Reference checks are a useful way for employers to gather information about applicants that they might not discover through the application and interview process. However, despite the usefulness of reference checking, many employers are legitimately concerned about lawsuits from former employees based on information provided in response to a request for a reference, and liability for the actions of employees where the company failed to conduct a thorough reference check. This creates a catch-22 for employers.

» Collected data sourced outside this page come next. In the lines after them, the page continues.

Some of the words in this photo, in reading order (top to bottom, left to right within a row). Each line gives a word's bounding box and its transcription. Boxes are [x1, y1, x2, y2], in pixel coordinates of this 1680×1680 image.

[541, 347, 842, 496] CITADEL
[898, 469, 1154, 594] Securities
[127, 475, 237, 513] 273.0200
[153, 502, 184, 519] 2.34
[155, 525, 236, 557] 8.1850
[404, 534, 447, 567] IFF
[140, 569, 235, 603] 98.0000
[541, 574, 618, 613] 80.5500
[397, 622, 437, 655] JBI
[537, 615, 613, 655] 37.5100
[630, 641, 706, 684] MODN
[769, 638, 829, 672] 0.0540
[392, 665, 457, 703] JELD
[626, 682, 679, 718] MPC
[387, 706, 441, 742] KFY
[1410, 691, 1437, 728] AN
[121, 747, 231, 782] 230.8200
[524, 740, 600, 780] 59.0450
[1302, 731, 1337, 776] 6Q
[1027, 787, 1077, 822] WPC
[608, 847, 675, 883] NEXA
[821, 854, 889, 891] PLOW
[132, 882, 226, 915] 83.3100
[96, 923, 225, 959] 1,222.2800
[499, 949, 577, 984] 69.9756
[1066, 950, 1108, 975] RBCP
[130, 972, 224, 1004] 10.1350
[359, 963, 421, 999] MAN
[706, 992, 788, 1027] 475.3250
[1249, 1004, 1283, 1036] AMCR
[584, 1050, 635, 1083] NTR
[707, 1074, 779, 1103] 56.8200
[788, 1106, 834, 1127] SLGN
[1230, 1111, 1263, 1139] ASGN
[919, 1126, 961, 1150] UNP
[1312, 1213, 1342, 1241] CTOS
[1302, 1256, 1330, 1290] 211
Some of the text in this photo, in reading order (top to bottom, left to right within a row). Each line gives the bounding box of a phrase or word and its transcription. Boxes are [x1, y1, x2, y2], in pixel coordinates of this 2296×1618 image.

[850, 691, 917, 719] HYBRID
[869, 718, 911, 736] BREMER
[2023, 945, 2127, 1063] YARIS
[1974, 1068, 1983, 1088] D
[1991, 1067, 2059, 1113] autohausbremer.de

Employers may be reluctant to provide any negative information in a reference for fear that their former employee will file a defamation of character claim. On the other hand, in Mississippi, employers have a duty to exercise due care in hiring employees, and can be held liable for an employee's negligence if they knew or should have known of the employee's incompetence (Doe v. Pontotoc County School District, 957 So.2d 410 (Miss. Ct. App. 2007)). References can provide important information about a prospective employee's ability to perform a job. To deal with this conundrum, a number of states have enacted laws “immunizing” employers against employee claims over such disclosures. The immunity laws generally provide protection from claims for defamation of character. Mississippi has not yet enacted a reference immunity law.
Practical advice. Employers in Mississippi should take precautionary measures when giving references including:
• Requiring a written authorization from the employee/former employee who will be the subject of the reference. The written authorization should be kept on file along with a copy of the reference or a written summary of the reference if given orally.
• Confining remarks to an objective evaluation of job performance and job qualifications.